Featured Faculty Publications

Featured Faculty Publications

These representative examples of books by Department of Linguistics faculty members reflect the broad scope of scholarly inquiry that our curriculum inspires.

Santiago Barreda and Noah Silbert - Bayesian Multilevel Models for Repeated Measures Data: A Conceptual and Practical Introduction in R

This comprehensive book is an introduction to multilevel Bayesian models in R using brms and the Stan programming language. Featuring a series of fully worked analyses of repeated measures data, the focus is placed on active learning through the analyses of the progressively more complicated models presented throughout the book.

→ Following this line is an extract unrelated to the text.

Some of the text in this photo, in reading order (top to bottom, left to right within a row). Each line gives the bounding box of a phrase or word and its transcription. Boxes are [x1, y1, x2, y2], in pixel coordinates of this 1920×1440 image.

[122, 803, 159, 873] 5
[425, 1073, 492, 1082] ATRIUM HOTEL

Robert Bayley, Dennis R. Preston, and Xiaoshi Li, eds.: Variation in Second and Heritage Languages: Crosslinguistic perspectives

Variationist work in Second Language Acquisition (SLA) began in the mid 1970s and steadily progressed during the 1980s. Much of it was reviewed along with newer approaches in Bayley and Preston 1996 (B&P), heavily devoted to VARBRUL analyses that exposed the variability in developing interlanguages and placed variationist work within the canon of SLA. This new volume features three developing trends.

Eric Louis Russell - Alpha Masculinity: Hegemony in Language and Discourse

In a new book, French professor and linguistics graduate faculty member Eric Louis Russell shows that neo-positive masculinity combines elements of dominance, normativity, and androcentrism. This book examines the linguistic and discursive mechanisms that realize the mythological American Alpha Male. Providing an in-depth dissection of corpora from an online sociocommercial community, a pop-psychology guru, and fictional gay erotica, it unravels the ways language, gender, and hegemony play out in this ideological figure of neopositive, essentialist masculinity.

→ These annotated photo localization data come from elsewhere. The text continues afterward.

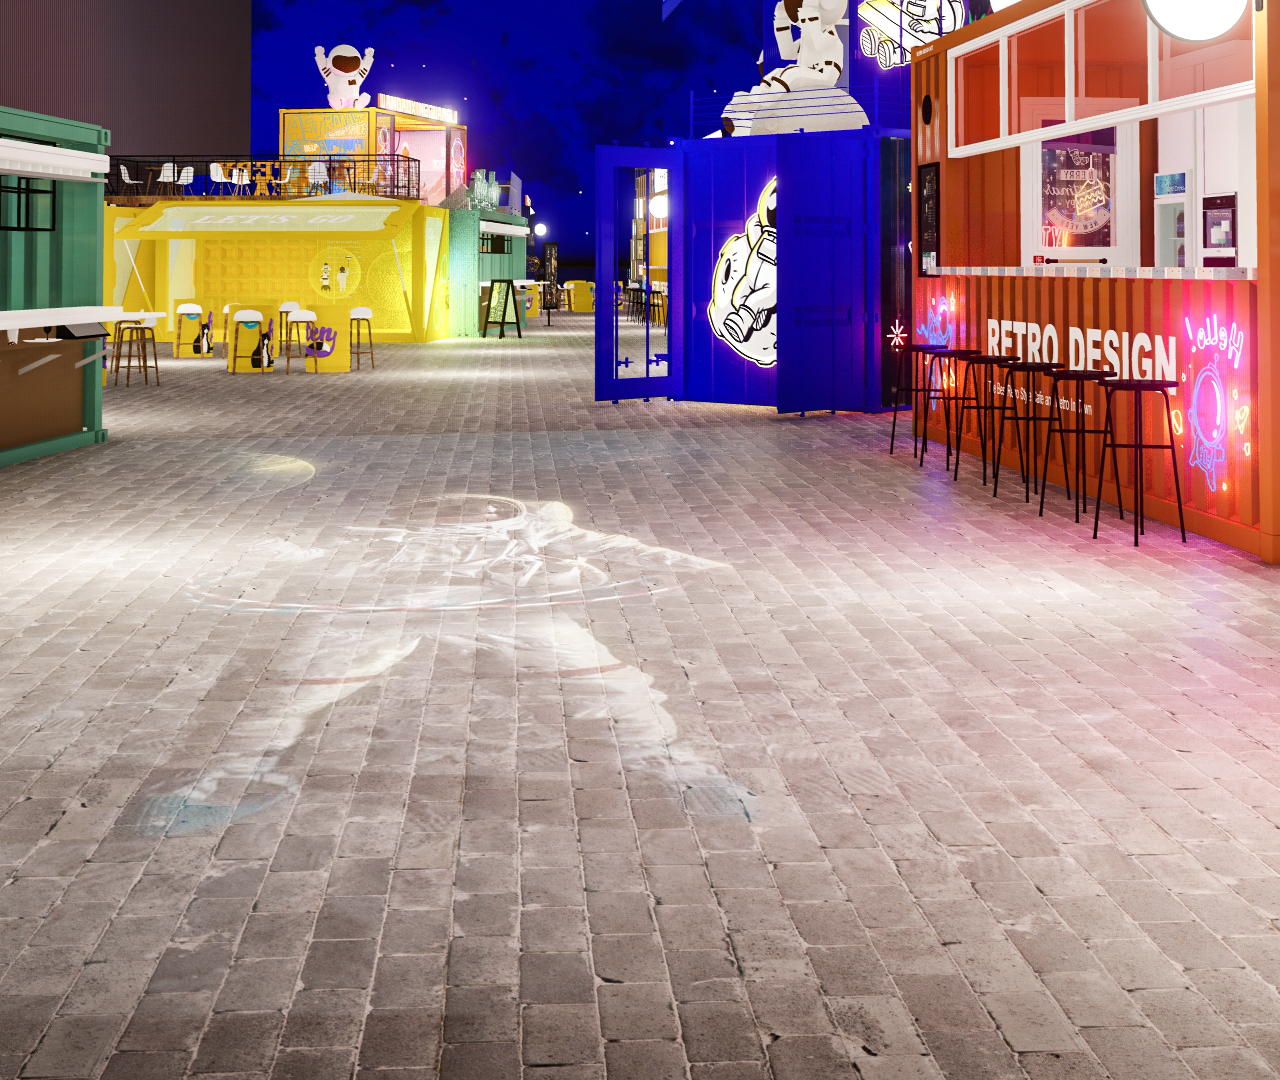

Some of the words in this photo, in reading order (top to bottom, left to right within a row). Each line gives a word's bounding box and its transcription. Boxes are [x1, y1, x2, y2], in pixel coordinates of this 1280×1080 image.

[190, 214, 298, 225] LET'S
[306, 214, 356, 225] GO
[987, 319, 1059, 371] RETRO
[1069, 326, 1177, 396] DESIGN
[988, 381, 997, 394] Te
[997, 383, 1006, 396] Bes

Luna Filipović - Bilingualism in Action: Theory and Practice

Bilingual language behaviour is driven by numerous factors that are usually studied in isolation, even though individual factors never operate alone. Bringing together key insights from psycholinguistics and sociolinguistics, Luna Filipović presents a new model of bilingual language processing that captures bilingualism within and across minds. The model enables readers to explain traditional puzzles in the field, and accounts for some apparently contradictory reports in different studies.

Vaidehi Ramanathan: Bodies and Language: Health, Ailments, Disabilities

The role of language in our collective construction of ‘normal’ bodies is explored critically in this book. Addressing a range of concerns linked with visible and invisible, chronic and terminal conditions, the volume probes issues in and around patient and caregiver accounts.

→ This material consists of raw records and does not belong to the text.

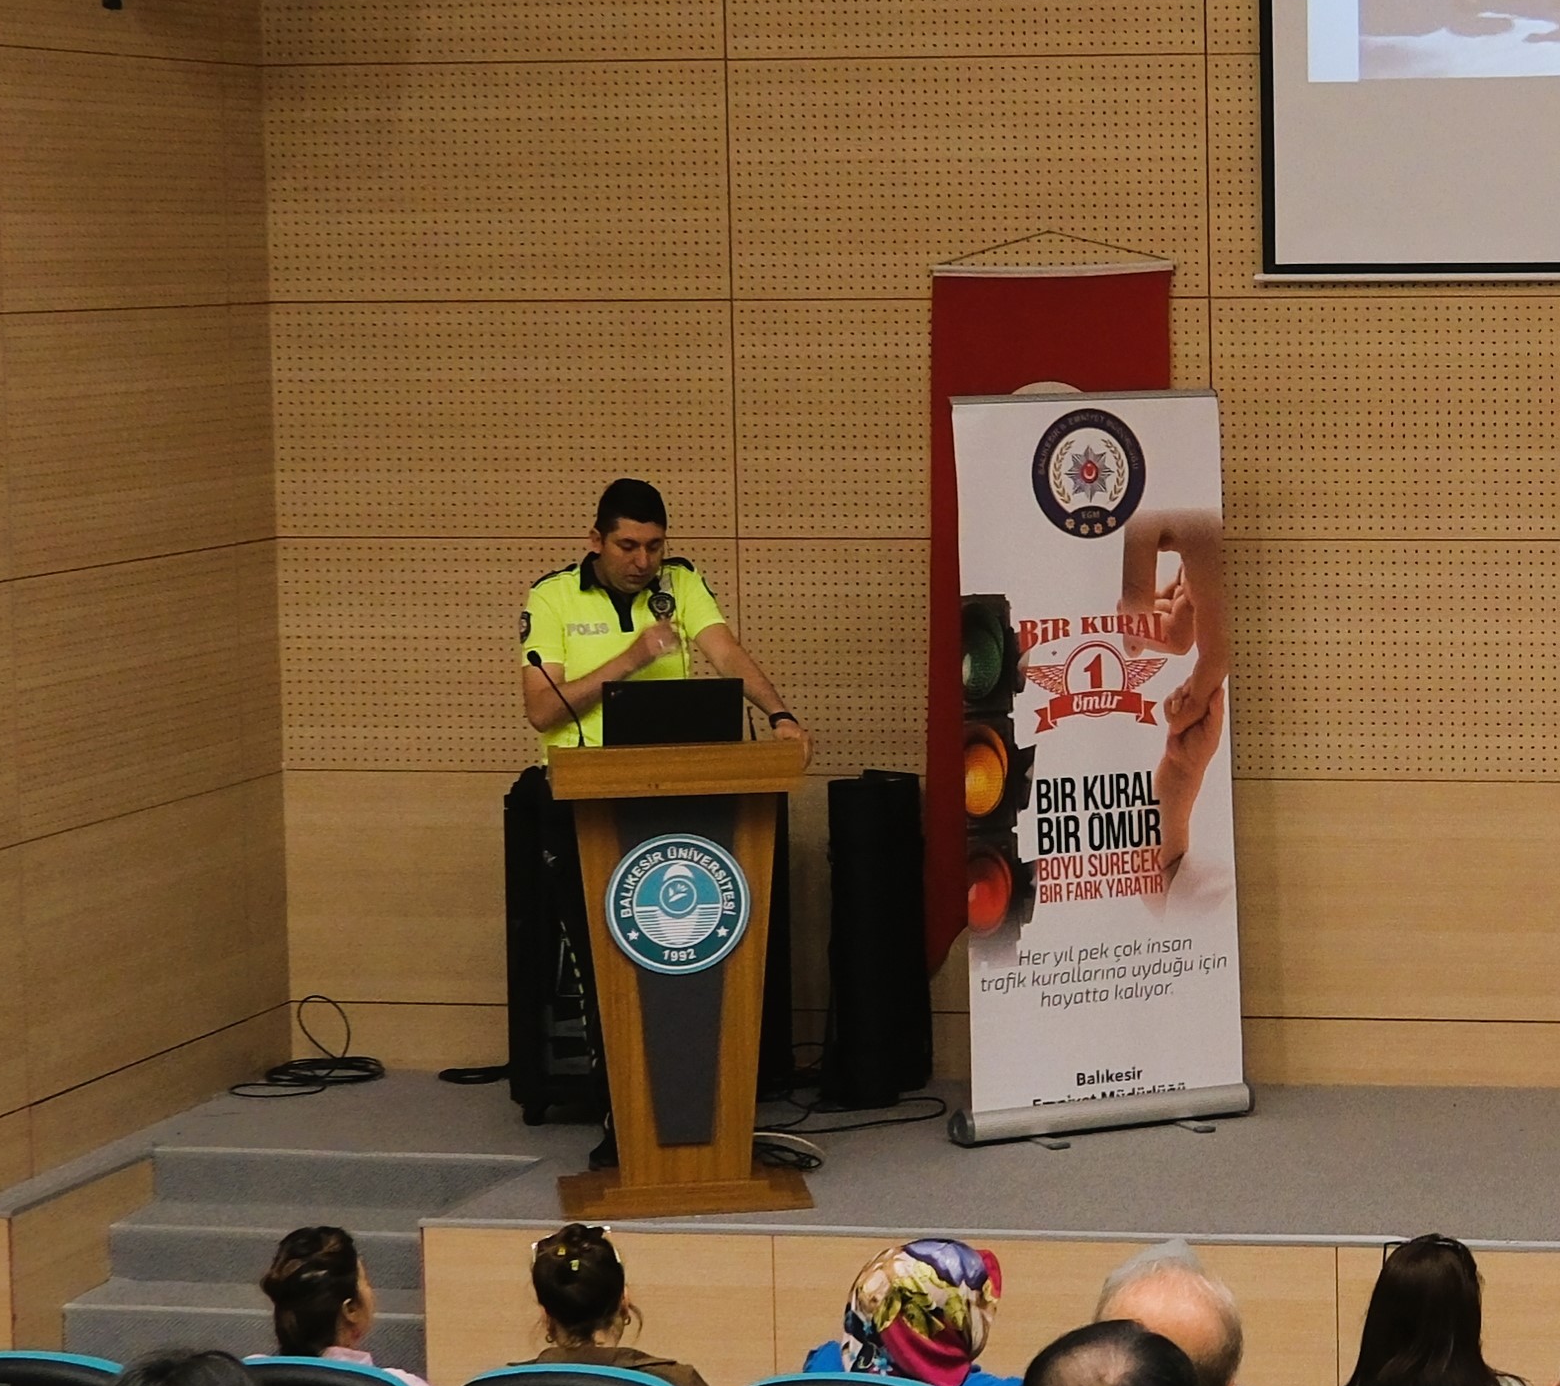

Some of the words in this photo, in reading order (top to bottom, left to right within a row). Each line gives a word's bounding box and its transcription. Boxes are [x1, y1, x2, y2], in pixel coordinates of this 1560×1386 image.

[1080, 613, 1168, 644] KURAL
[1083, 653, 1103, 689] 1
[1083, 770, 1160, 811] KURAL
[1038, 855, 1083, 882] BOYU
[619, 851, 665, 918] BALIKESİR
[1066, 879, 1104, 902] FARK
[1106, 874, 1164, 898] YARATIR
[662, 948, 697, 961] 1992
[1018, 950, 1051, 967] Her
[1053, 945, 1074, 968] yıl
[1077, 942, 1110, 965] pek
[1113, 939, 1142, 964] çok
[1146, 937, 1193, 954] insan
[980, 972, 1027, 994] trafik
[1031, 964, 1127, 987] kurallarına
[1131, 957, 1194, 981] uyduğu
[1198, 953, 1228, 975] için
[1039, 987, 1109, 1010] hayatta
[1076, 1067, 1144, 1087] Balıkesir

Julia Menard-Warwick: English Language Teachers on the Discursive Faultlines: Identities, Ideologies and Pedagogies

This book by Professor Julia Menard-Warwick brings the voices of teachers into the fierce debates about language ideologies and cultural pedagogies in English language teaching. Through interviews and classroom observations in Chile and California, this study compares the controversies around English as a global language with the similar cultural tensions in programs for immigrants.